AIM OF THE TASK
The entries below are to be repeated exactly, and their pictures left out.

DATA FOR REVIEW

____

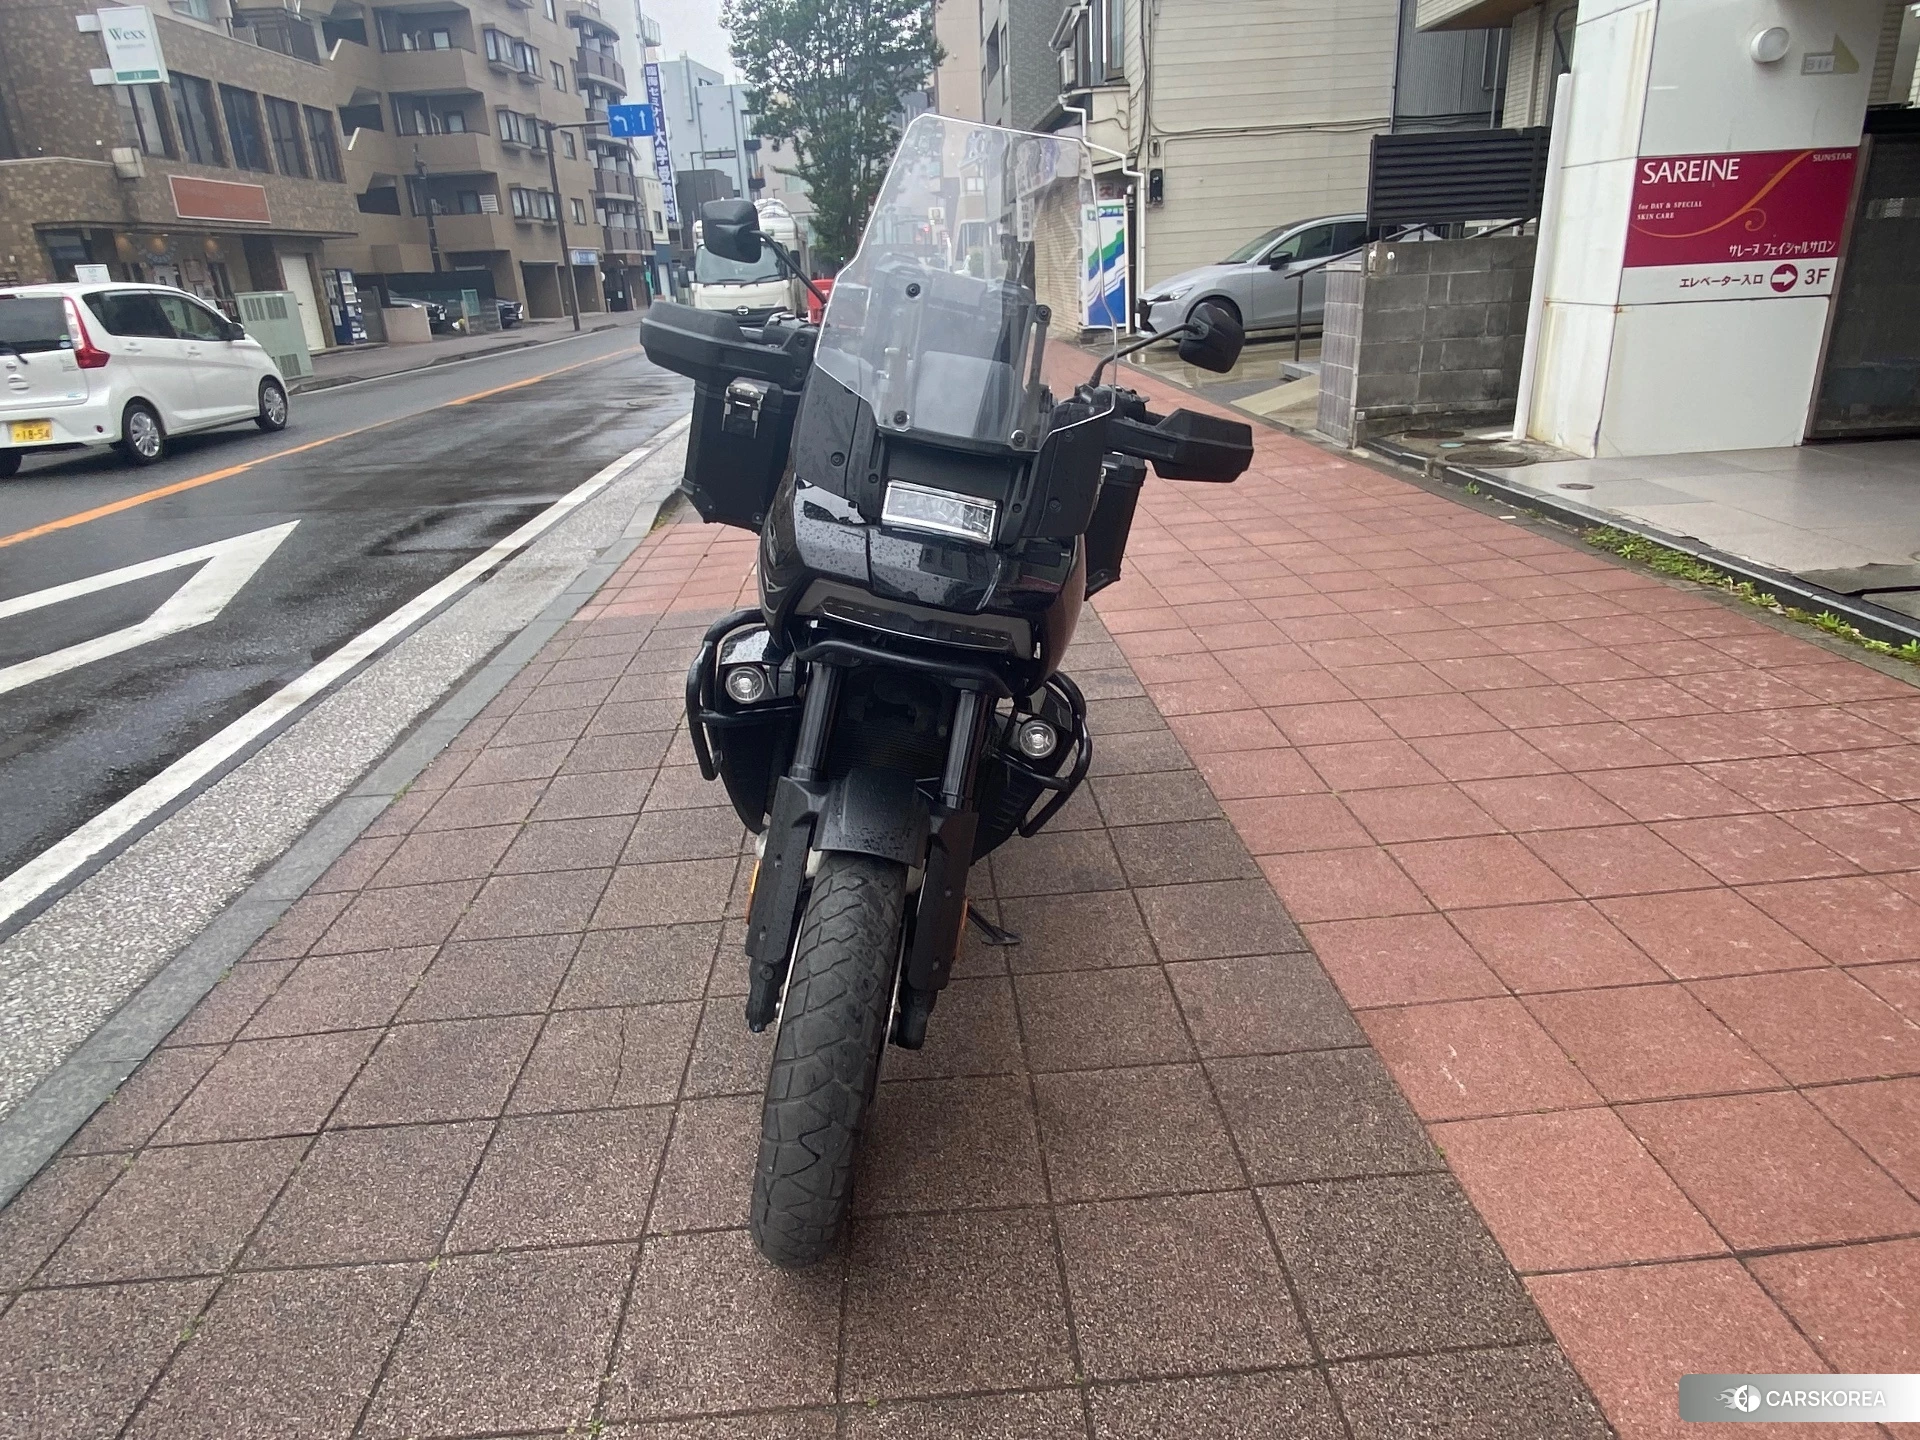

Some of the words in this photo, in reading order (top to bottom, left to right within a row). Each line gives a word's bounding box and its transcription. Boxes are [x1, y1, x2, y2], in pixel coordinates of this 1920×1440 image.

[108, 27, 146, 40] Wexx
[1812, 152, 1852, 162] SUNSTAR
[1642, 158, 1741, 184] SAREINE
[1655, 212, 1675, 220] CARE
[1729, 243, 1760, 258] サレーヌ
[1763, 240, 1836, 256] フェイシャルサロン
[1679, 273, 1764, 289] エレベーター入口
[1804, 268, 1830, 285] 3F
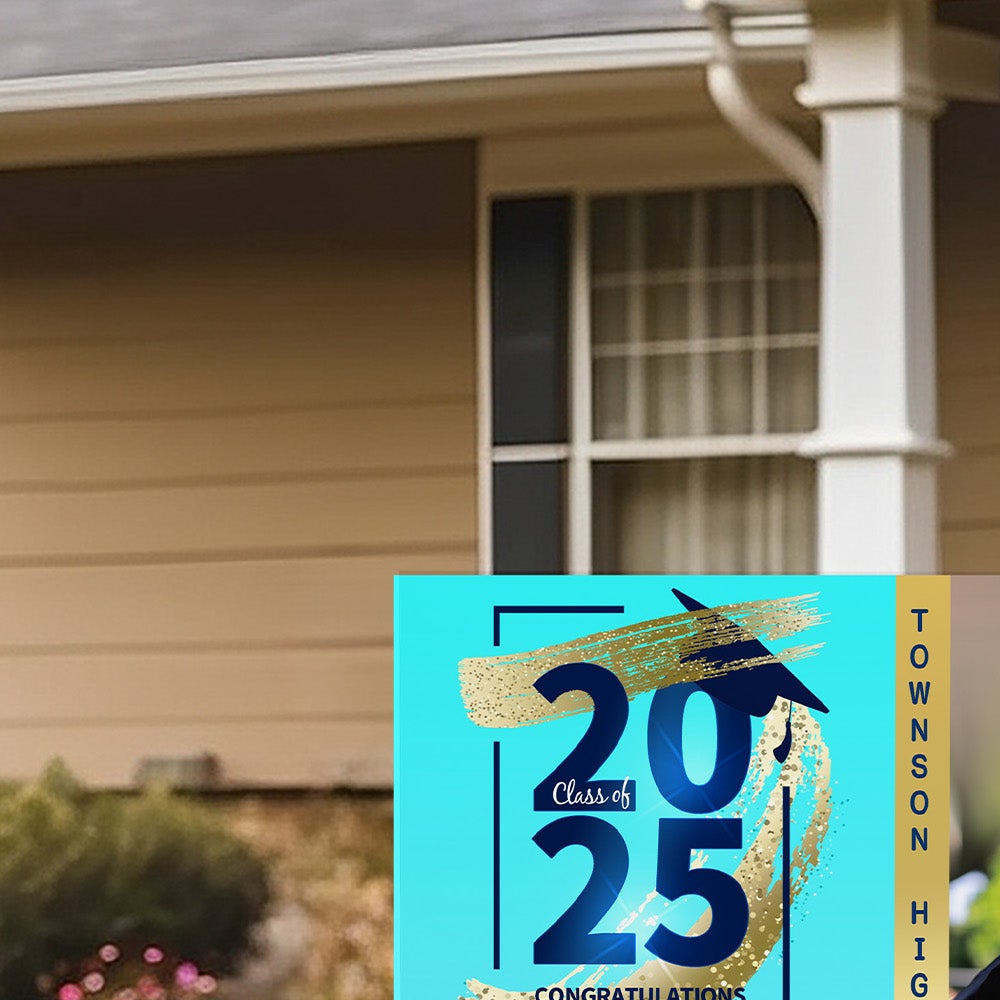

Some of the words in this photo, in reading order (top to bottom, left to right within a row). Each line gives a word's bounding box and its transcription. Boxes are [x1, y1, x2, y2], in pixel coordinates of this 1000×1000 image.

____

FINAL ANSWER
Some of the words in this photo, in reading order (top to bottom, left to right within a row). Each line gives a word's bounding box and its transcription. Boxes are [x1, y1, x2, y2], in pixel coordinates of this 1920×1440 image.

[108, 27, 146, 40] Wexx
[1812, 152, 1852, 162] SUNSTAR
[1642, 158, 1741, 184] SAREINE
[1655, 212, 1675, 220] CARE
[1729, 243, 1760, 258] サレーヌ
[1763, 240, 1836, 256] フェイシャルサロン
[1679, 273, 1764, 289] エレベーター入口
[1804, 268, 1830, 285] 3F

Some of the words in this photo, in reading order (top to bottom, left to right within a row). Each line gives a word's bounding box and its transcription. Boxes are [x1, y1, x2, y2], in pixel coordinates of this 1000×1000 image.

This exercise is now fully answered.